One reason it's a really good one is because when one is being a good paranoid girly type and covering one's own ass by not giving random sketchy people too much time to decide to fuck with one, one is not excused from the responsibility of wondering whether some of the people one encounters might actually need the kind of help one would expect from them if one were in serious shit. And one (have I said one enough times here?) can stand to be reminded of that once in a while so that one actually thinks to call an ambulance or the cops or whatever and wait, behind the safety of the window of the nearest open business if one has to, to make sure someone who's probably not sketchy enough to deserve to die twitching in a parking lot does not actually do so. I don't know about anybody else, but I know that my background level of paranoia is generally high enough to need reminders like that occasionally. And it's really disturbing that I need to be horrified to be galvanized into acting like a decent human being.
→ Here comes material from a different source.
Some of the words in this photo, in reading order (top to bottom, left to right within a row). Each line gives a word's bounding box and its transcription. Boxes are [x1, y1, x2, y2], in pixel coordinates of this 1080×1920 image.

And jesus christ, that's really fucked up. Is he okay? Can you please not join the rest of your social circle in getting drugged?

Fuck, man, indeed.

Posted by: Dianna at March 22, 2007 07:43 PM

I forgot to mention that this guy's evidently alive and fine, or at least alive, upset, fucked up, and without his bike. And that I'm never ever leaving a drink unattended, or with a stupid coaster over the top, without three friends watching it, even to go to the bathroom, ever again.
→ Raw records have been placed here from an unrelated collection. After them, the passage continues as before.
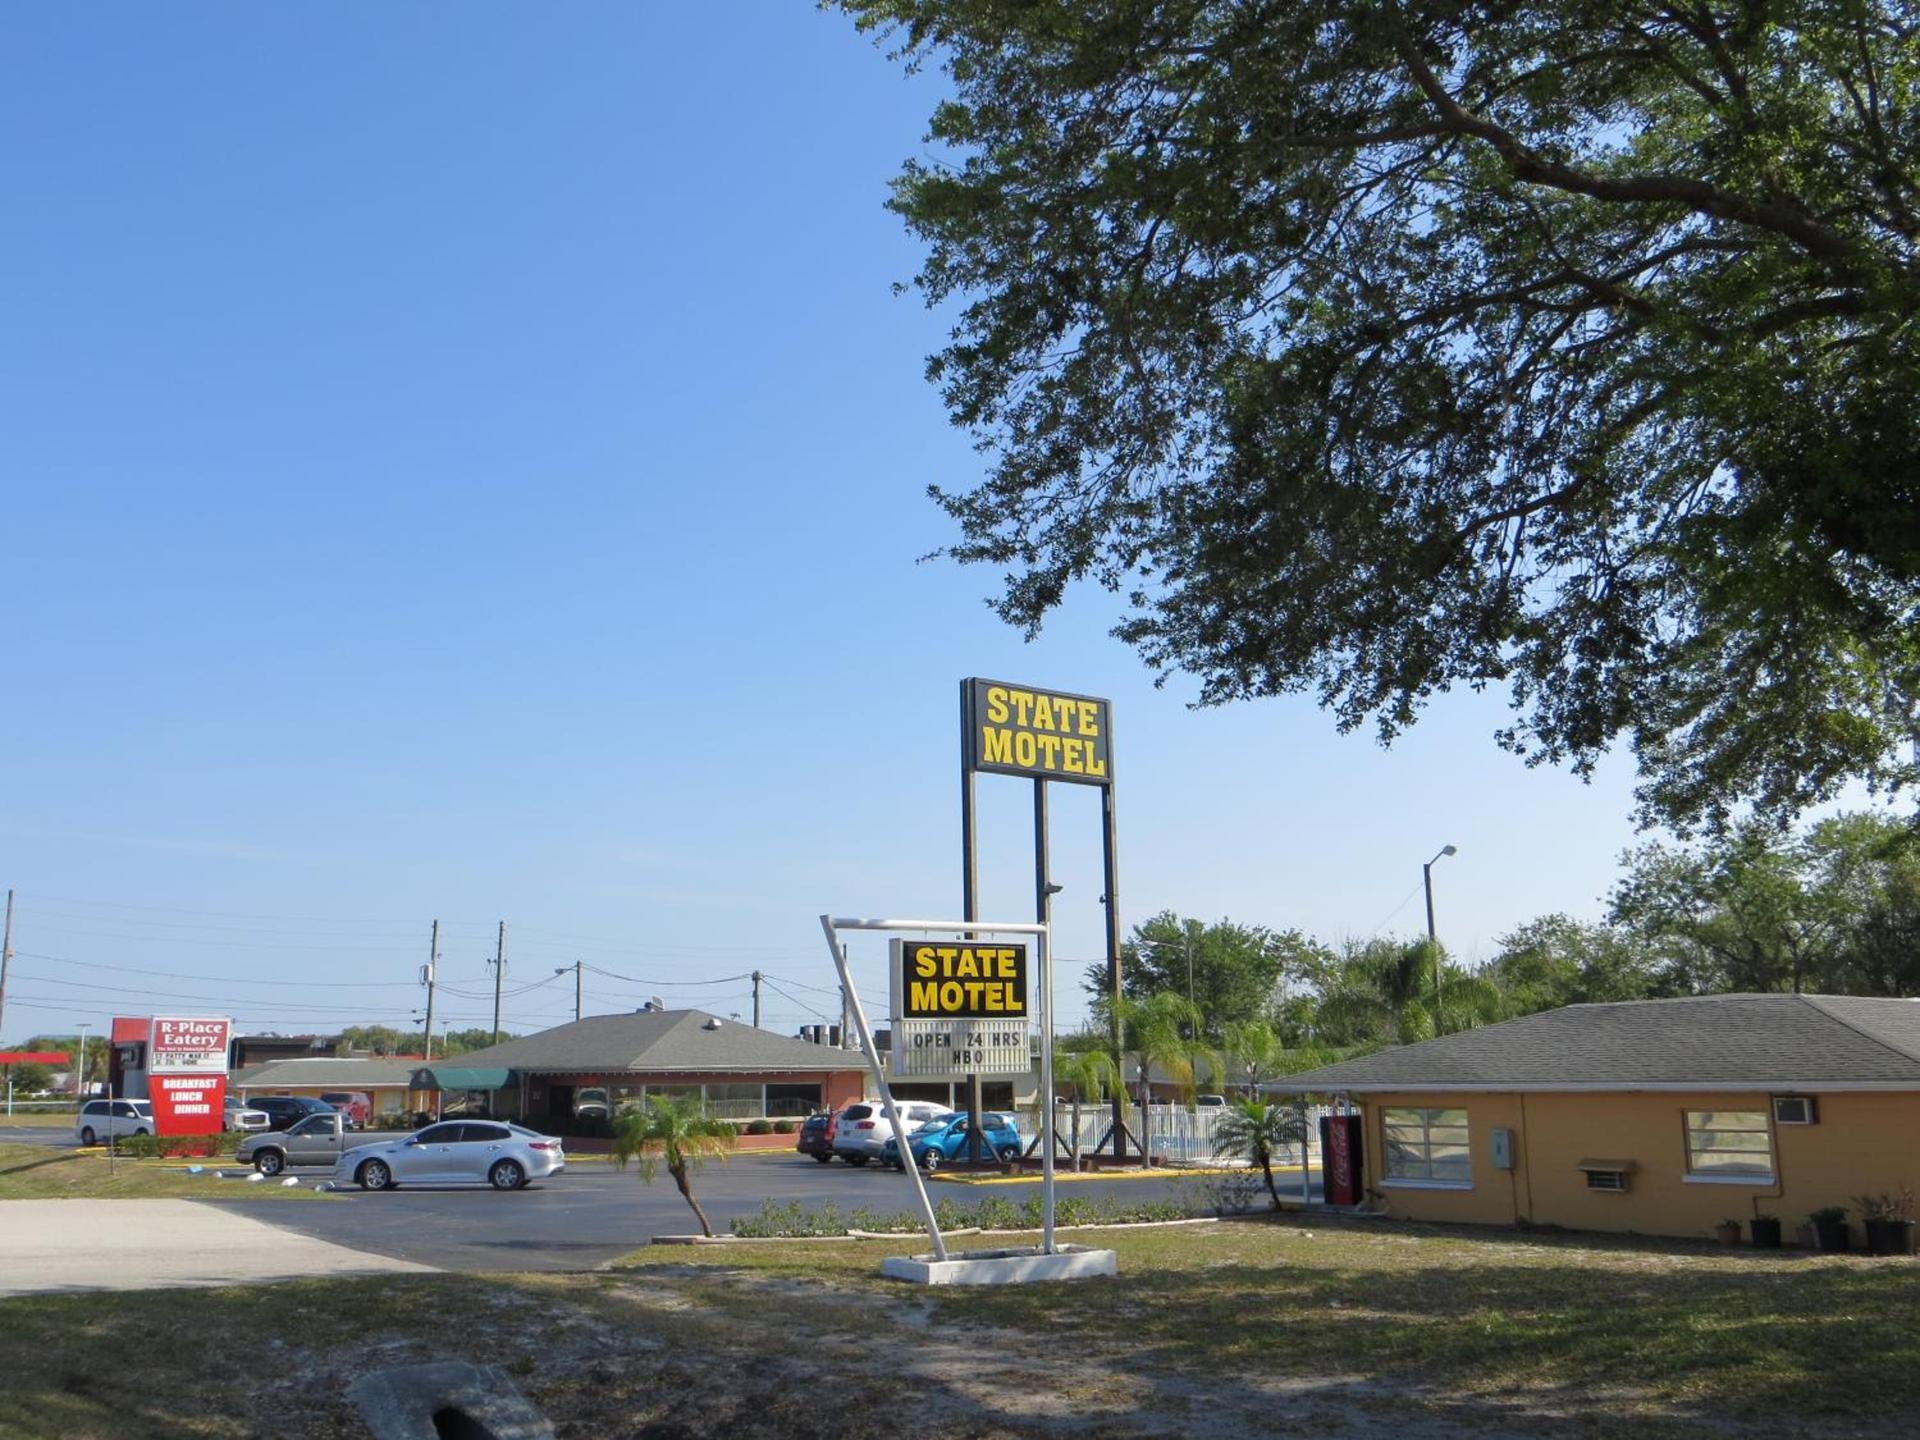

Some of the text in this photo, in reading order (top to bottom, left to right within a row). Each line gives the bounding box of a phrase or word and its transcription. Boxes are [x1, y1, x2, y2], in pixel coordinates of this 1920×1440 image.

[987, 687, 1099, 737] STATE
[982, 726, 1105, 777] MOTEL
[915, 947, 1017, 978] STATE
[910, 981, 1023, 1012] MOTEL
[161, 1022, 224, 1033] R-Place
[164, 1034, 217, 1047] Eatery
[914, 1032, 1019, 1048] OPEN 24 HRS
[953, 1050, 983, 1065] HBO
[163, 1079, 218, 1089] BREAKFAST
[170, 1091, 203, 1101] LUNCH
[174, 1104, 210, 1114] DINNER
And yes, that even if one doesn't feel safe personally getting involved (because there are enough regularly scheduled sexual assaults on women in my town that I wouldn't ever bet 100% that some guy asking for help wasn't a rapist trying to get into my car), one ought to at least call 911 while one's walking or driving away or once one is safely somewhere else. I'd about a million times rather risk taxpayer money by gambling that it is something important, rather than bet the wrong way and, you know, have some kid die in a parking lot because I didn't do anything.

I do realize I'm going out on a limb and voicing a radical minority opinion here.
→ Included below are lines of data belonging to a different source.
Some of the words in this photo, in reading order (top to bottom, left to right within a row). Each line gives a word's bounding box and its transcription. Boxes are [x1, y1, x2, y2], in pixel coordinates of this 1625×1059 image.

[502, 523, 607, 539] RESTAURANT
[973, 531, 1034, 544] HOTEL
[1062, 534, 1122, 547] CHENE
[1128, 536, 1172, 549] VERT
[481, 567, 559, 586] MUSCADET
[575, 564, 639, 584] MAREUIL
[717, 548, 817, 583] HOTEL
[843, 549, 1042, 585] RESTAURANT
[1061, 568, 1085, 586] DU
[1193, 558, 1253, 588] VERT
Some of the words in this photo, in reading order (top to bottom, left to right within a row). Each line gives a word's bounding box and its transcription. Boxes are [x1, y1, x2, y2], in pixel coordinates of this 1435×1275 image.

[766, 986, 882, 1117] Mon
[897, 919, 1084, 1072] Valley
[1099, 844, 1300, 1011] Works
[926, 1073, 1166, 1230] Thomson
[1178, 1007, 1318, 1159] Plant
Posted by: katie at March 22, 2007 08:23 PM

Yeah, I think it might actually be a threat to the fabric of our society. Do you mind just keeping these weird ideas to yourself?

I'm currently trying to imagine what would happen if I just started taking my drinks to the bathroom with me instead of leaving them under someone's supervision. Unfortunately, I think it carries an unacceptable risk of accidentally peeing in my own beer, although I suppose the good thing about that is it's not exactly a foreign substance and not likely to be ingested without noticing.

Ew.

Posted by: Dianna at March 23, 2007 03:35 PM

Actually, I just had a thought. In a small and not-too-busy bar you could probably grab a sympathetic-looking female bartender or waitress and ask her to keep your drink behind the bar while you pee or make a phone call or whatever. And then tip her really well for potentially saving your ass.

And now I'm deeply creeped out, because I'm remembering that a couple of months ago I showed up early to meet Jacob at the Starry Plough, and left my beer at the bar while I went outside to call him. Dumb, Dianna, don't do that.